By Mohammed Dhaysane
MOGADISHU, Somalia (AA) – Soldiers in Somalia’s northeastern semiautonomous state of Puntland on Tuesday staged a mutiny over unpaid salaries, an official said.
Abdinour Abdi Ahmed, a security official in Puntland's Bari region, told Anadolu over the phone that soldiers seized a security checkpoint in Garowe, the state's administrative capital, in the early hours on Tuesday.
"The situation is under control right now," Ahmed said, adding that "but there has been a mutiny staged by some soldiers who claim they haven't received their salaries."
However, the soldiers who staged the mutiny acted professionally, and they did not harm anyone while closing a key highway connecting Garowe and Bosaso city in the state.
Located on the southern coast of the Gulf of Aden, Bosaso is also a commercial port city of the semiautonomous state, 1,414 kilometers (878 miles) northeast of the capital Mogadishu.
The mutiny occurred on the same day that the region's President Said Abdullahi Deni was holding a campaign rally in Galkayo town ahead of the disputed local council elections.
The planned local elections in Puntland sparked controversy in the state, and Dani’s critics described the election as divisive.
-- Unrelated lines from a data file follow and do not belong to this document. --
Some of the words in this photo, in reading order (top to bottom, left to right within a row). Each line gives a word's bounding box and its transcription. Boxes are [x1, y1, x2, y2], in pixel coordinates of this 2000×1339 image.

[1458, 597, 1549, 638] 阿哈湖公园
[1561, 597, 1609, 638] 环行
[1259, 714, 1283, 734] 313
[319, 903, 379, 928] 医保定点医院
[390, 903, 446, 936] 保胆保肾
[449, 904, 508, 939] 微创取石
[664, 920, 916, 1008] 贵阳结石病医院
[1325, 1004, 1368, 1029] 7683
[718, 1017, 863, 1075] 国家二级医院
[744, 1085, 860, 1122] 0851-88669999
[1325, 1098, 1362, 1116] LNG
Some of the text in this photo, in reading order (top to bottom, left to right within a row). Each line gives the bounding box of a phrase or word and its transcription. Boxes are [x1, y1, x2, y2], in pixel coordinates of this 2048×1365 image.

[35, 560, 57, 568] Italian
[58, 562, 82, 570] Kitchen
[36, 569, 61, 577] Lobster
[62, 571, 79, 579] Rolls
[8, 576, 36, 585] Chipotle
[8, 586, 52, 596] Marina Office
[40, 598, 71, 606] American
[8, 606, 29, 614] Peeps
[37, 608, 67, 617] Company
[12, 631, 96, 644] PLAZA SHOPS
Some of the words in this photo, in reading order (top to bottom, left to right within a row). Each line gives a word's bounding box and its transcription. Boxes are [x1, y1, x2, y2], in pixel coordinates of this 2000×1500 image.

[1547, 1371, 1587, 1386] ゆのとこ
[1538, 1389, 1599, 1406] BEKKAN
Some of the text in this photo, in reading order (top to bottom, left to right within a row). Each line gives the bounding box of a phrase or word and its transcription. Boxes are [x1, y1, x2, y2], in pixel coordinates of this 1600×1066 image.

Addressing his Kaah party supporters in Galkayo on Tuesday, Deni accused Somalia’s President Hassan Sheikh Mahamud of opposing Puntland’s democratization.
This comes hours after Somalia’s Prime Minister Hamza Abdi Barre criticized Puntland’s leaders for the strained relations with the federal government, accusing him of undermining development projects in the state.
Relations between the federal government in Mogadishu and the northern state have soured since Puntland announced it would govern itself as an independent government.